Every January, the pressure to pay school fees is intense. In Lesotho, lenders are now proactively offering loans, making borrowing feel like the only quick fix.
This convenience is a costly trap
When you resort to an unplanned loan especially those instantly available you don’t just pay the school fees. You pay the fees, plus high interest, plus loan application fees over the loan term. This unplanned, short-notice borrowing can easily make you pay three times the original school fee amount in the long run. High interest and fee amounts, reduction in disposable funds and increased stress levels turning a simple school fee into a massive financial burden.
The sticker price of the school fee is only the beginning. Loans often come with the highest interest rates because they are unsecured. When you add origination fees, monthly service fees, and compound interest over a 12 to 24-month term, you aren’t just paying back the principal you are paying lender’s profit. By the time the loan is cleared, the total cash that left your pocket could have paid for three years of school instead of one.
The biggest danger is what happens after January. Every month, a large chunk of your salary is automatically deducted to pay back that loan. This drastically reduces your disposable income the money you need for food, electricity, transport, and emergencies. You may find yourself unable to afford basic household upgrades or even healthy groceries because your future money is already owned by the lenders.
Financial pressure is one of the leading causes of health issues and family tension. The “peace of mind” you get from paying the fees in January is short-lived. It is quickly replaced by 11 months of chronic stress as you struggle to make ends meet with a reduced salary. This stress often leads parents to take another loan just to cover basic living expenses, creating a cycle of debt that is nearly impossible to break.
Don’t let January Disease strike twice. By starting today, you can turn a mountain of debt into a molehill of manageable savings. Here is how to prepare for next year.
Avoid the temptation to spend school money on daily needs. Open a separate savings account specifically for fees. Look into accounts with low monthly fees to keep your school fund out of your main spending view.
The hardest part of saving is remembering to do it. Set up a Standing Instruction on your banking app. Arrange for a fixed amount (e.g., M200 or M500) to move from your salary account to your Education Account when salary is paid. If you don’t see the money, you won’t miss it.
Many Basotho parents use informal savings societies or Stokvels to pool money. Join a group specifically dedicated to Back to School costs. By December, you’ll receive a lump sum that covers uniforms and fees without needing a bank loan.
Divide your total annual school costs (fees, uniforms, transport, and books) by 11 months (February to December). If your total cost is M11,000, saving M1,000 a month ensures you are fully funded by the time schools open. You effectively become your own lender charging yourself 0% interest.
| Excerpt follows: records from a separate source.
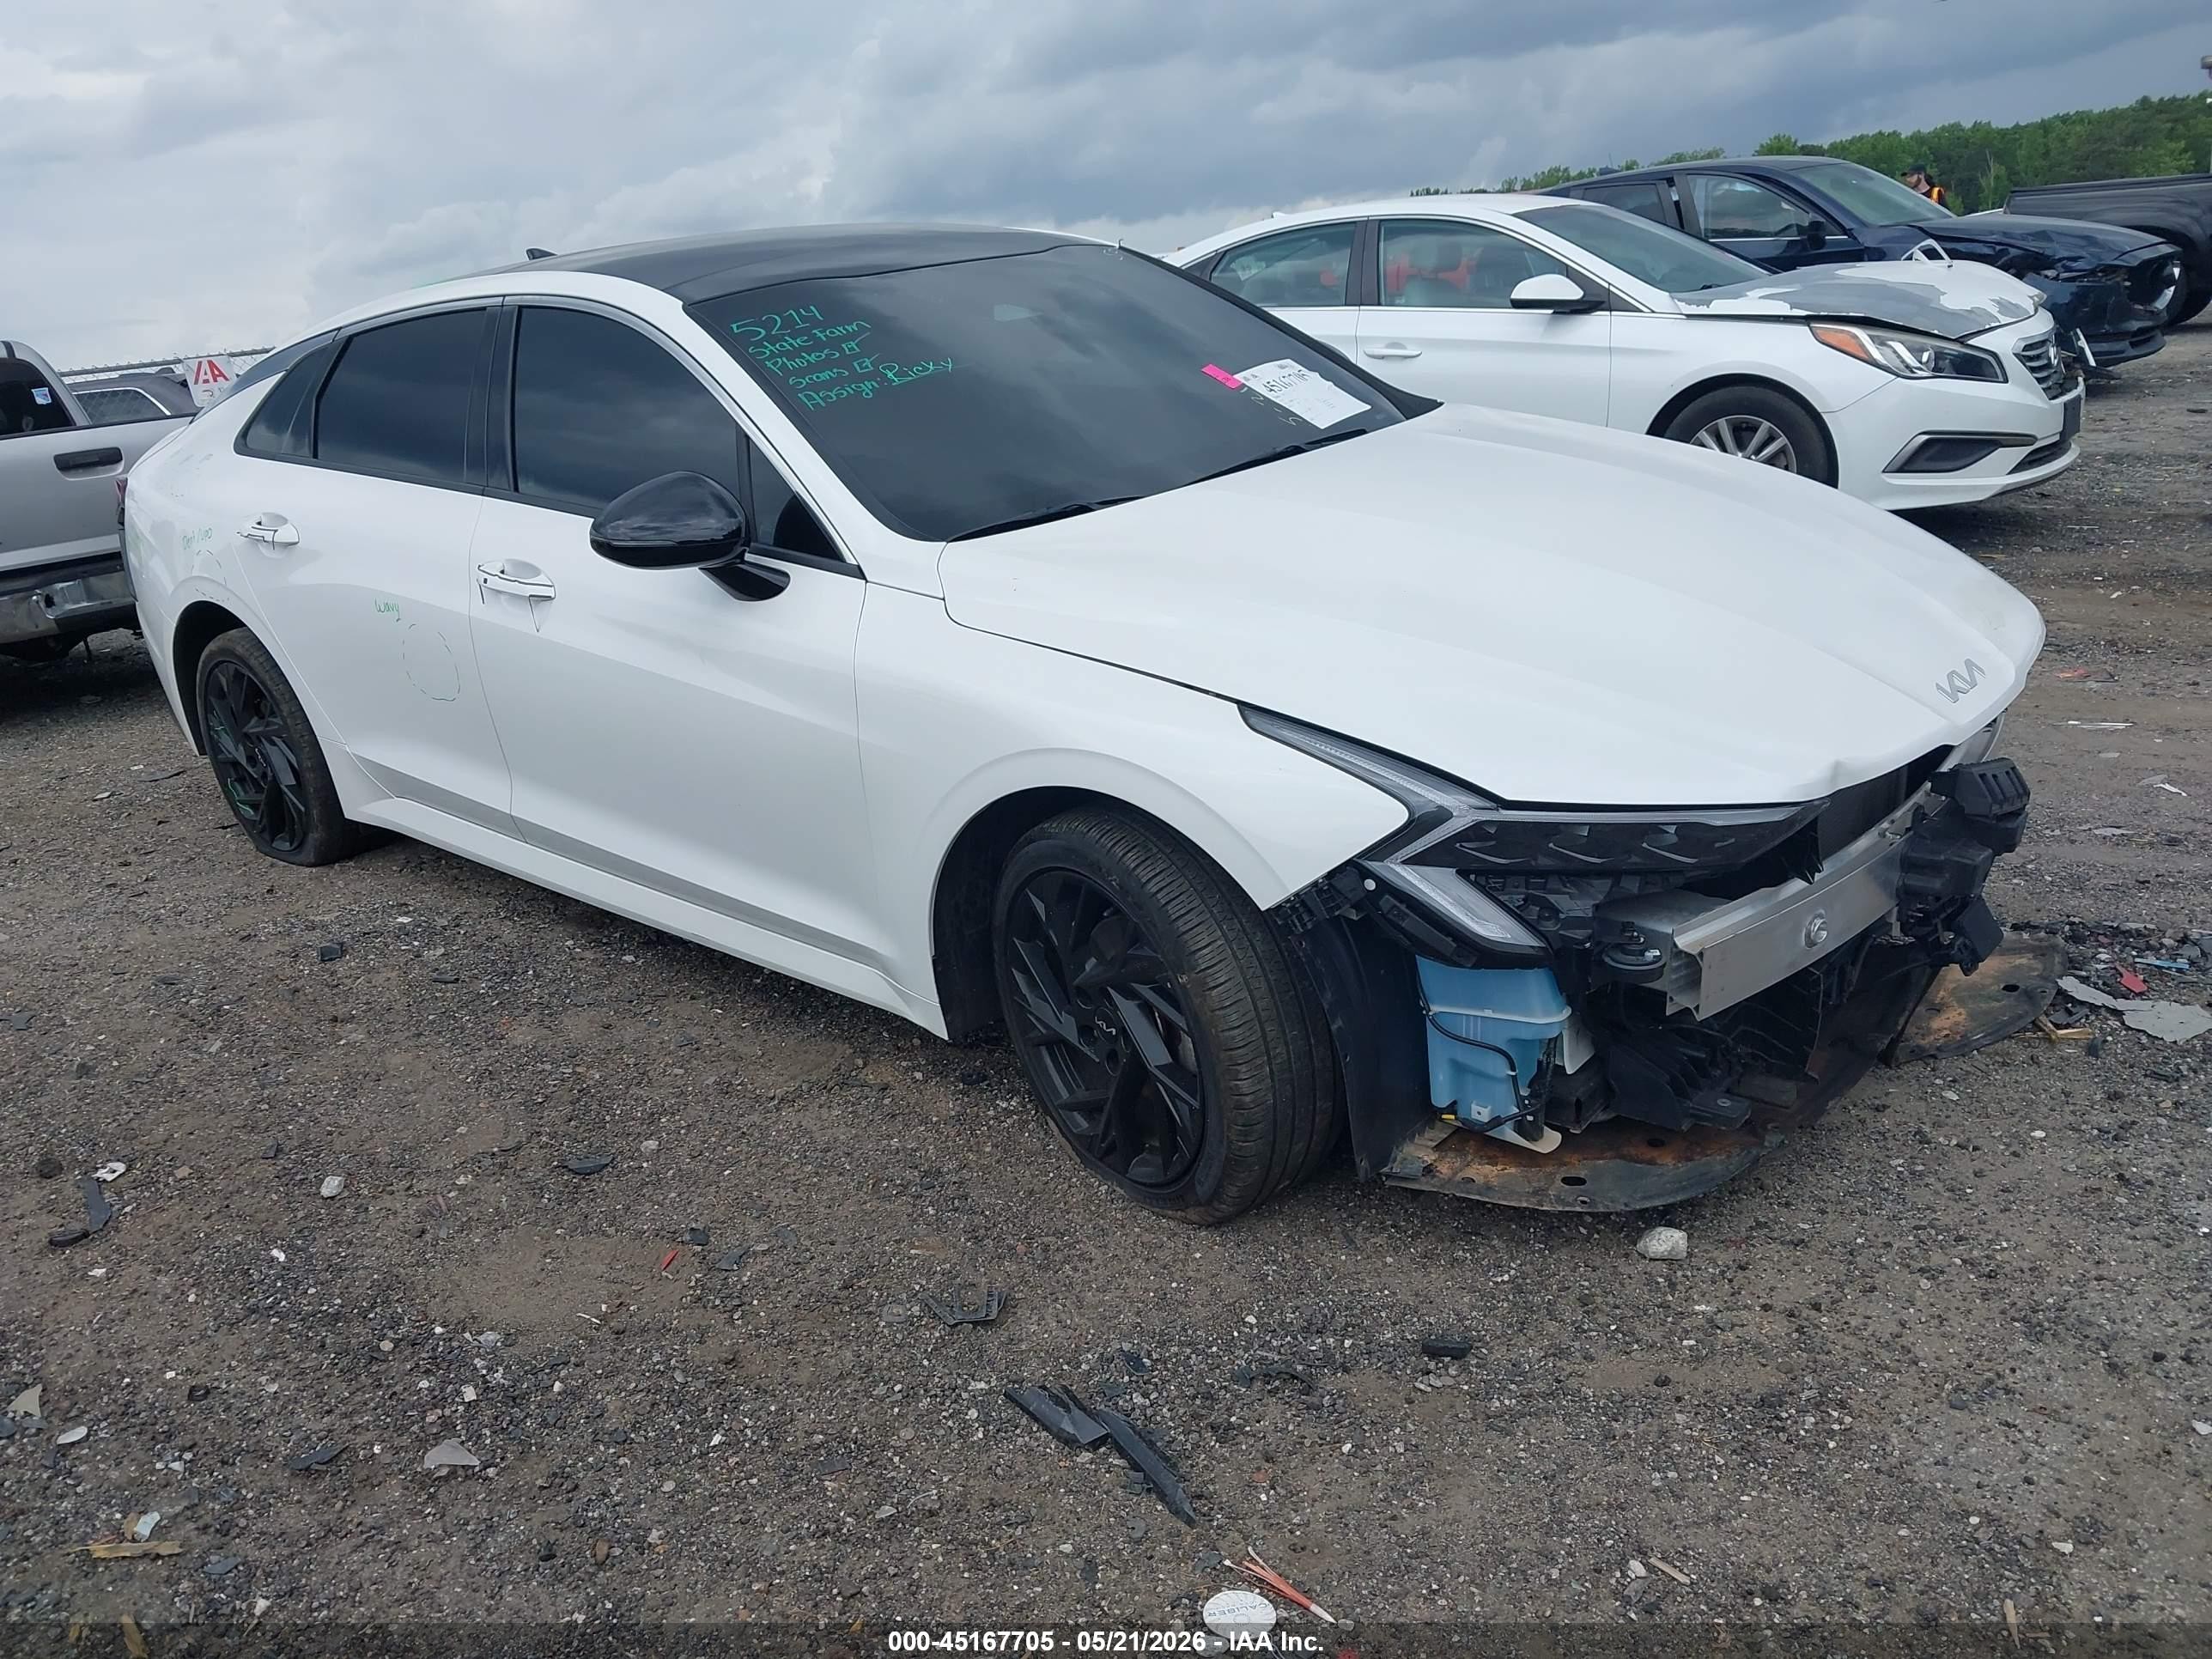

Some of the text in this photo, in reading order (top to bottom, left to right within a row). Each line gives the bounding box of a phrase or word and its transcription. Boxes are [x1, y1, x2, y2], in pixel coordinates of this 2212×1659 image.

[731, 305, 824, 342] 5214
[749, 320, 872, 359] State Farm
[765, 349, 840, 377] Photos
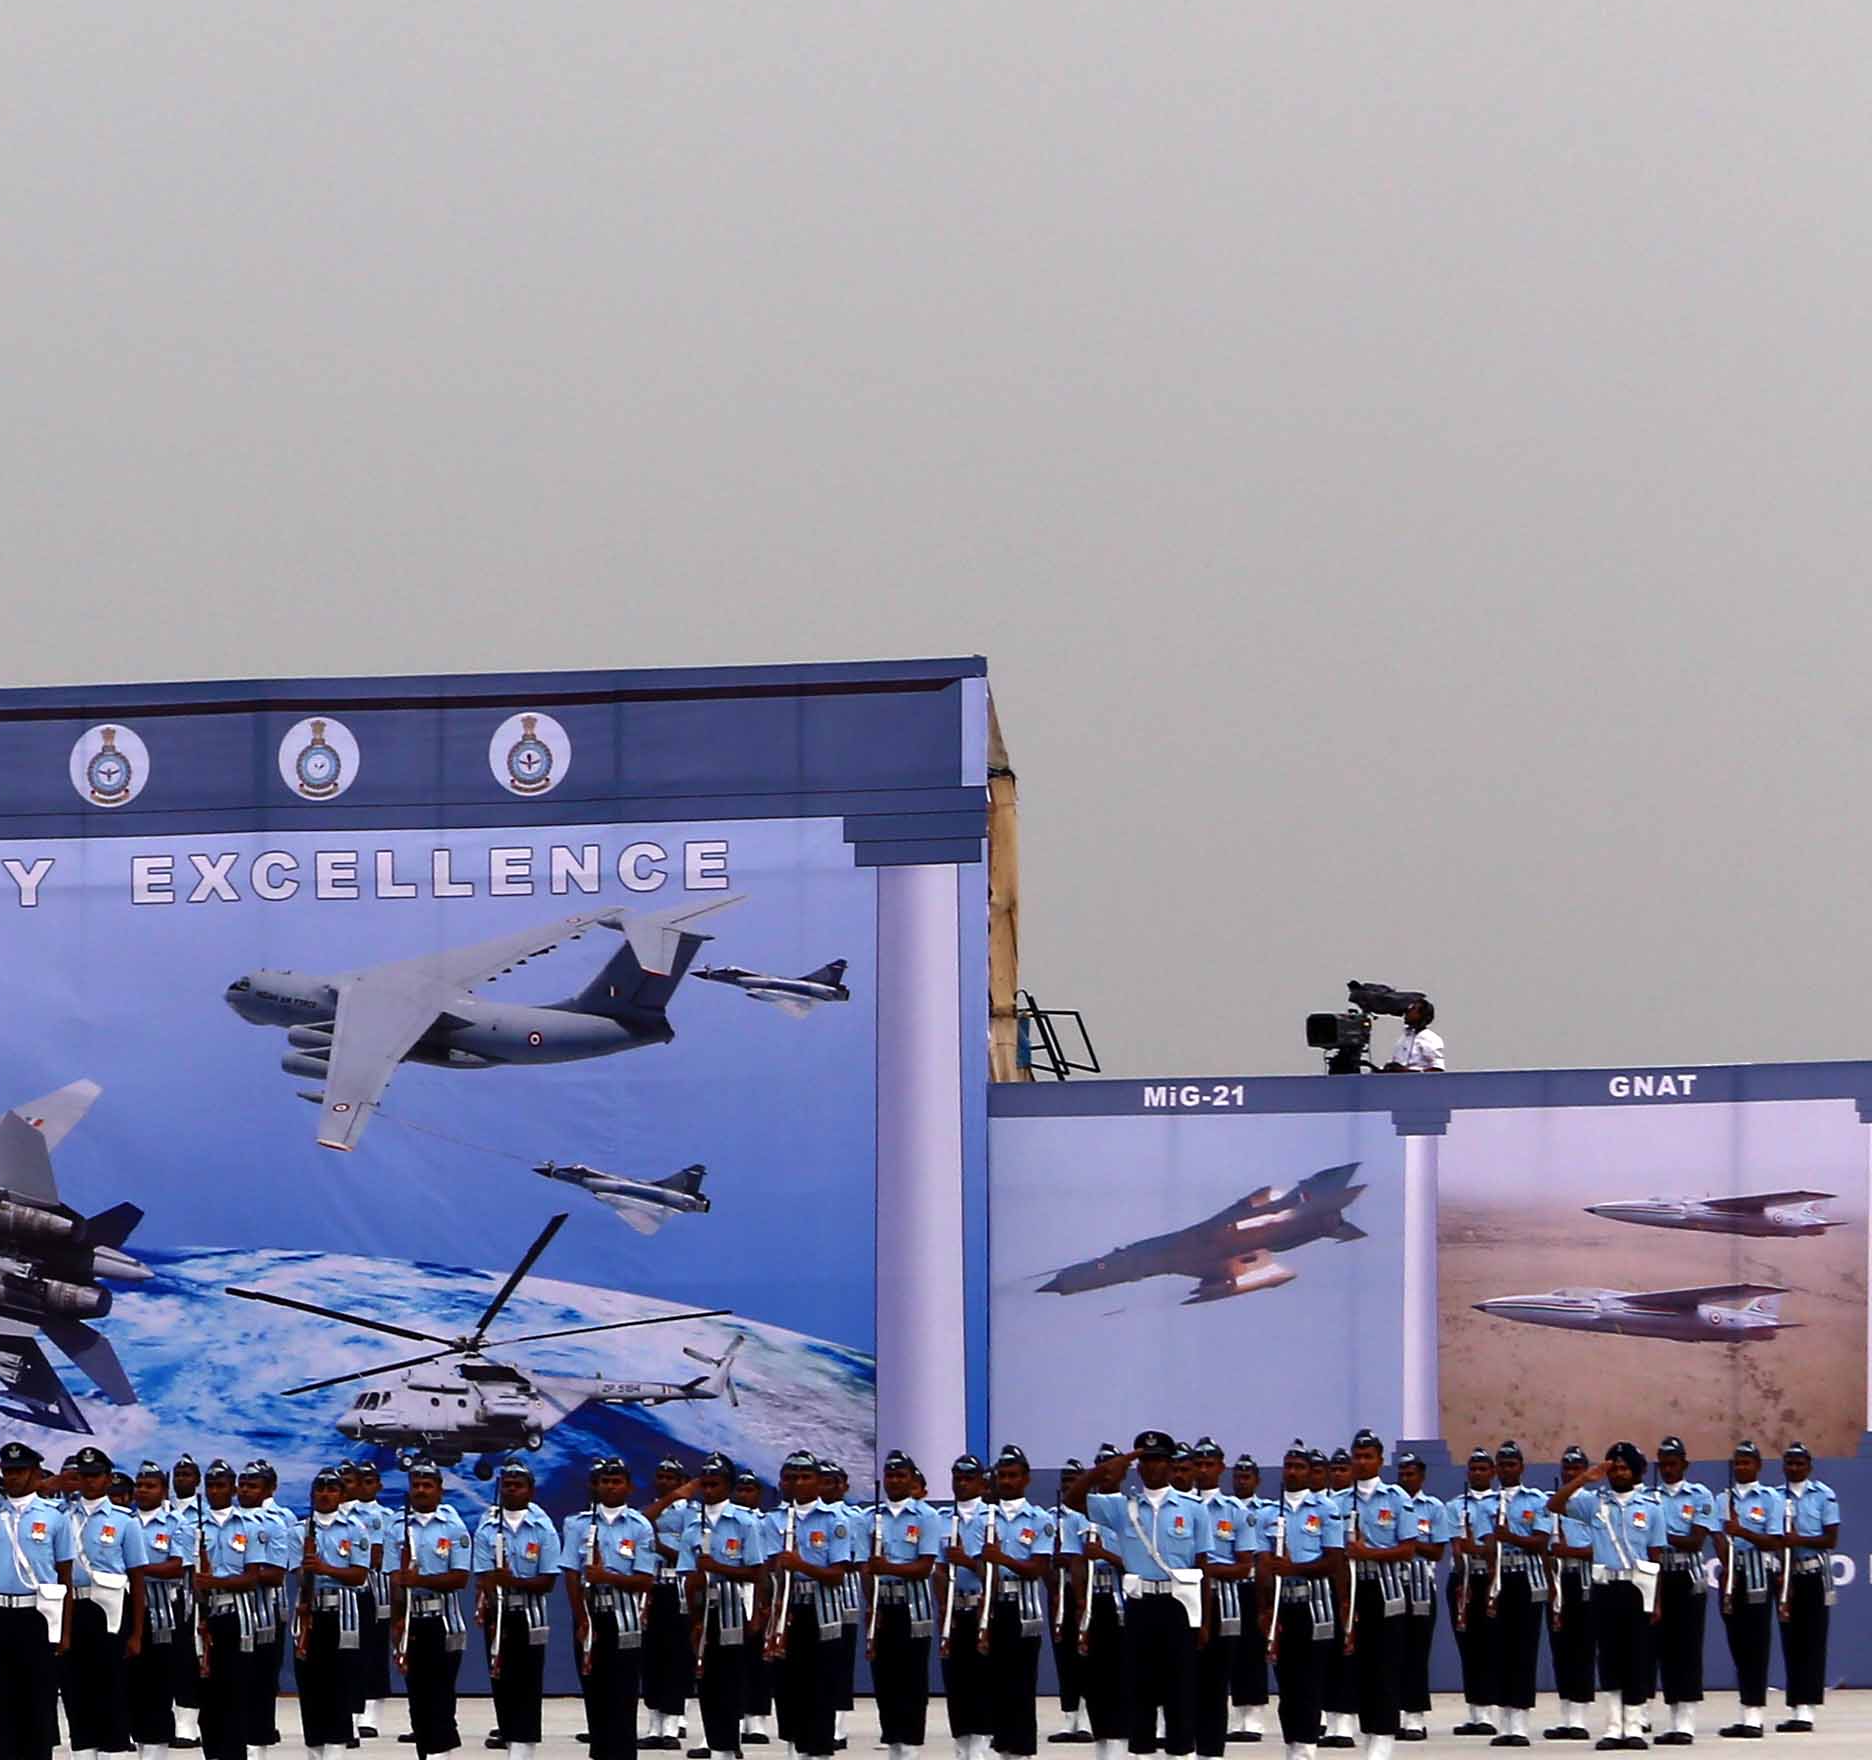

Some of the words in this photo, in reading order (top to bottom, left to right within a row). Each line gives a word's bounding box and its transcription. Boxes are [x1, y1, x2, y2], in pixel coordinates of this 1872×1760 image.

[130, 840, 730, 905] EXCELLENCE
[1143, 1085, 1245, 1107] MiG-21
[1608, 1074, 1698, 1097] GNAT
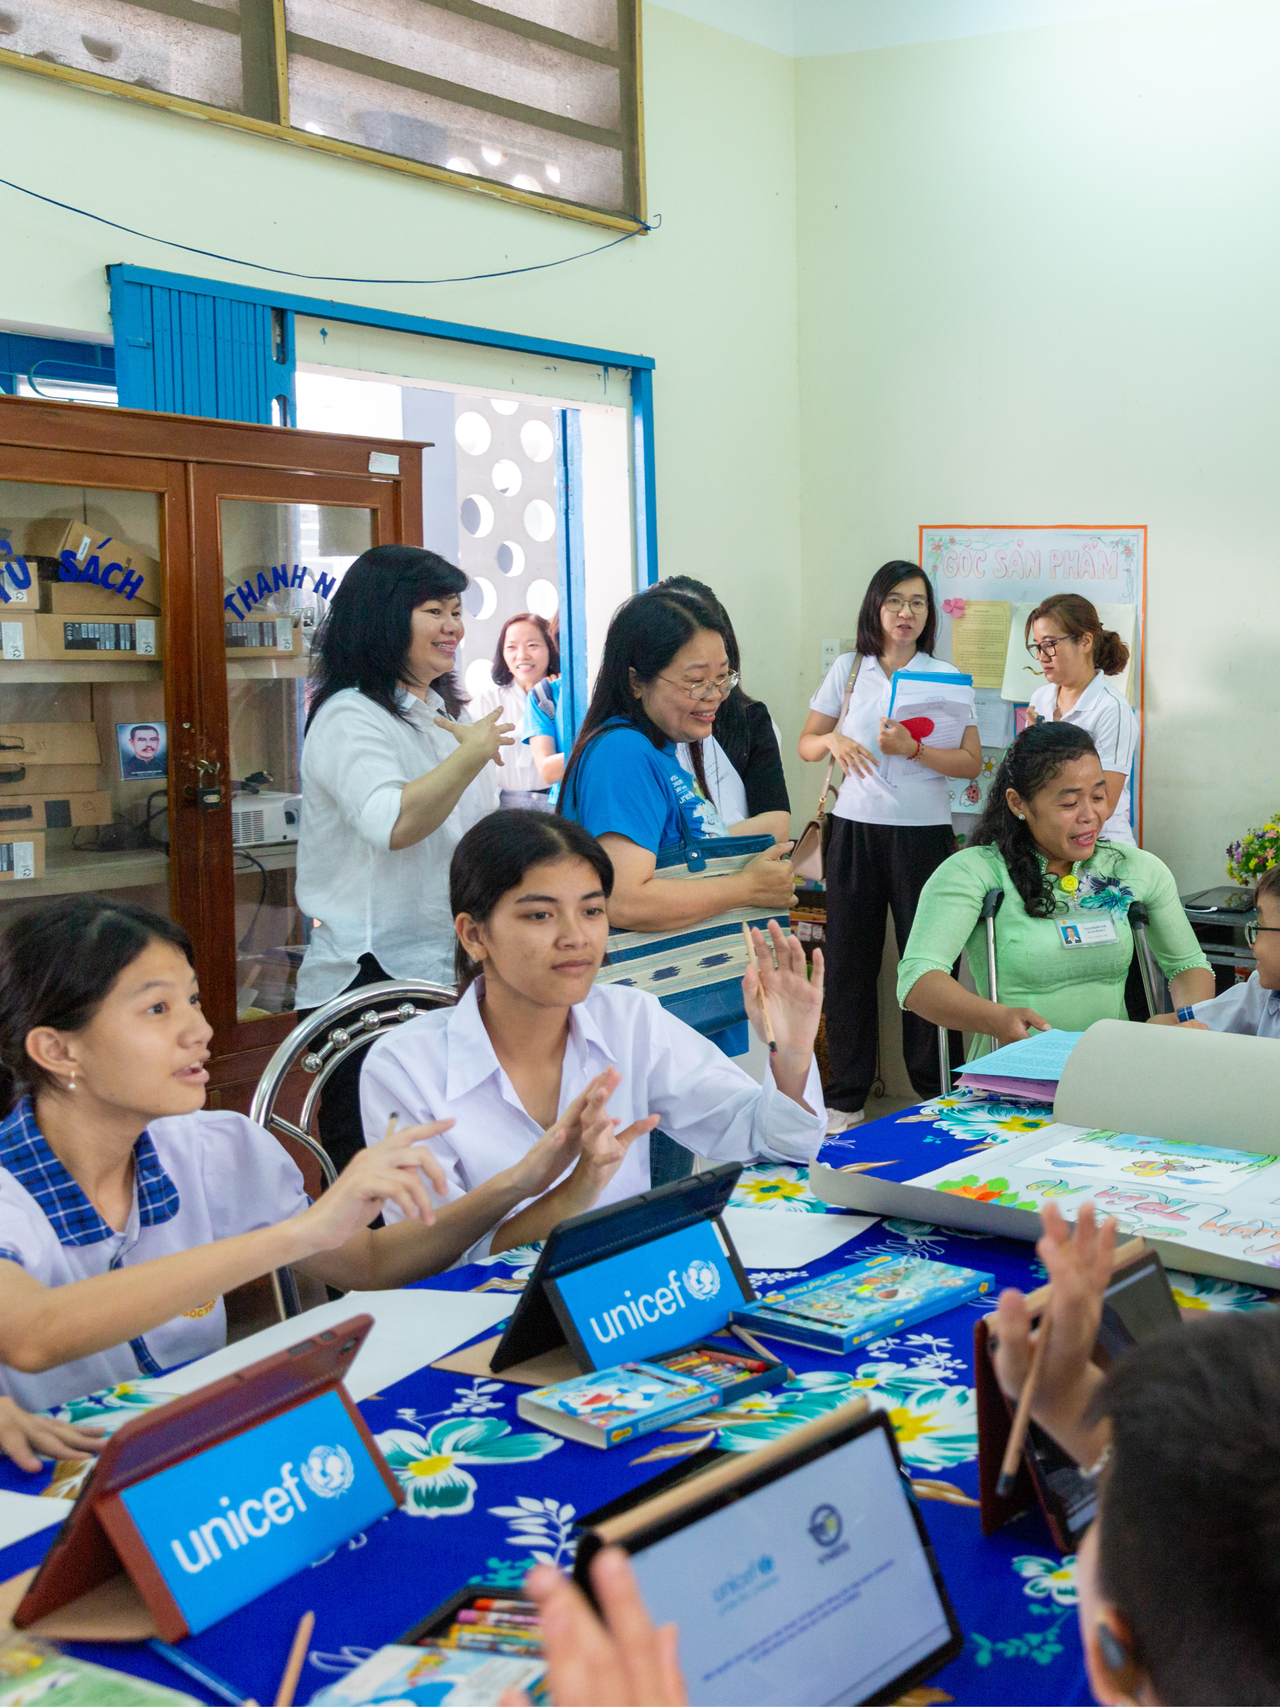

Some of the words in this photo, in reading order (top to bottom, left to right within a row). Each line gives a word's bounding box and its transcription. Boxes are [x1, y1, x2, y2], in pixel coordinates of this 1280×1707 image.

For long-term security (especially for tertiary), consider formal education policies. Look into suitable plans helping you save and include Waiver of Premium benefits, meaning if something happens to you, your child’s education stays funded.
| If Total Annual Cost is… | Save This Per Month (Feb – Dec) | Why This Wins |
| M3,300 | M300 | You pay M0 in interest and save. |
| M5,500 | M500 | You avoid bank administration fees. |
| M11,000 | M1,000 | You keep your credit record clean. |
| M16,500 | M1,500 | You start the year stress-free. |
Don’t trade your family’s future spending power for a short term convenience in 2026.